Charles Leclerc ha chiuso l’ultima giornata dei test pre-stagionali in Bahrain con il miglior tempo assoluto, rifilando quasi 9 decimi di vantaggio a Lando Norris. Un margine che, anche tenendo conto delle mescole più morbide utilizzate dal pilota Ferrari, rappresenta un segnale difficile da ignorare. Ma la classifica tempi è solo una parte della storia: questa terza e ultima giornata ha offerto molto di più, tra assenze pesanti, guasti tecnici e indicazioni tattiche che potrebbero rivelarsi decisive nel corso della stagione.
Aston Martin assente e Mercedes in difficoltà nei test in Bahrain
Prima di parlare della Ferrari, bisogna registrare ciò che non ha funzionato. Aston Martin non ha preso parte all’ultima sessione per mancanza di pezzi di ricambio, un segnale preoccupante per un team che punta a lottare nelle posizioni di vertice. Non è la stessa cosa rompersi durante una gara o non riuscire a presentarsi in pista per carenza di parti. Due scenari molto diversi, e il secondo è decisamente più difficile da spiegare.
Anche Mercedes ha vissuto una mattinata complicata: Kimi Antonelli si è fermato in pista per un guasto tecnico, costringendo il team a un intervento forzato ai box nella fase più delicata della preparazione. Problemi tecnici pure in casa McLaren, dove il programma pomeridiano è slittato di quasi due ore. Una serie di inconvenienti che hanno caratterizzato la giornata di almeno tre dei team più attesi del Mondiale 2025 di Formula 1.
Ferrari e Leclerc: il passo gara è il dato che spaventa gli avversari
Il crono di Leclerc nella simulazione qualifica ha fatto notizia, ma il dato più significativo è emerso dalla sessione mattutina. Il pilota monegasco e Oscar Piastri hanno girato in contemporanea in condizioni diverse: presumibilmente Leclerc nella seconda parte del long run, Piastri nella prima. Carichi di carburante differenti, stati della vettura differenti. Eppure, in quel preciso frangente, la Ferrari ha mostrato un degrado gomme inferiore rispetto alla McLaren. Ed è esattamente questo il tipo di vantaggio che può fare la differenza nell’arco di una stagione intera, molto più di un decimo strappato in qualifica.
La Rossa ha lavorato anche sulle procedure di partenza, ottenendo risposte positive, anche se in modo meno netto rispetto alla partenza impressionante messa a segno il giorno precedente da Lewis Hamilton. Il trend, però, è chiaro: la Ferrari parte bene e lo fa in modo costante.
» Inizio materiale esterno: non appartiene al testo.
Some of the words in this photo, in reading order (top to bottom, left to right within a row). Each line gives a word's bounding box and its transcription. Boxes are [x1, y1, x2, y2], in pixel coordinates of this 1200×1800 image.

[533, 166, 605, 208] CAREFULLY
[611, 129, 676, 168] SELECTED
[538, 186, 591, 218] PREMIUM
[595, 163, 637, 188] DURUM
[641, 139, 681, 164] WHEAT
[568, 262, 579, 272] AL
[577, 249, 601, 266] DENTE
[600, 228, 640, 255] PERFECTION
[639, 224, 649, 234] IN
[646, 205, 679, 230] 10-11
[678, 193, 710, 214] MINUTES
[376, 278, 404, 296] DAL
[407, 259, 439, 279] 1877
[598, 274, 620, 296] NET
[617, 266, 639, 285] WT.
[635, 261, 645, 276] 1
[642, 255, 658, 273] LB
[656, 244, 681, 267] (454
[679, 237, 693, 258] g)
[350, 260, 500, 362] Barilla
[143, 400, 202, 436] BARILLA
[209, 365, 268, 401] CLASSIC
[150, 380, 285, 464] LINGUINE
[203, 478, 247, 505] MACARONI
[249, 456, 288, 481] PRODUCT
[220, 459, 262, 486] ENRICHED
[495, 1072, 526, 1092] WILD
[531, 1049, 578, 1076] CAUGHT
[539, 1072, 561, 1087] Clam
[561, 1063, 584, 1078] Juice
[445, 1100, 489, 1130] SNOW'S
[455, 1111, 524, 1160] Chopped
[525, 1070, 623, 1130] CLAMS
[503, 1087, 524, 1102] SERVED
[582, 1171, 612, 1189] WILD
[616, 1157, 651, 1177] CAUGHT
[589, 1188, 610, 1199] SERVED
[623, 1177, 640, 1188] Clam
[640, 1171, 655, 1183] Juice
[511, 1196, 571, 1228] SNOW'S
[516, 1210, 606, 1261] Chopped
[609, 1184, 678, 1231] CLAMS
Racing Bull da record, battaglia aperta per il quinto posto tra Alpine, Audi e Haas
Racing Bull ha totalizzato oltre 160 giri nel corso della giornata, un volume di lavoro che pochi team possono vantare e che dice molto sull’affidabilità del progetto tecnico. Un risultato che potrebbe passare inosservato guardando solo la classifica tempi, ma che in ottica stagionale vale quanto una pole position.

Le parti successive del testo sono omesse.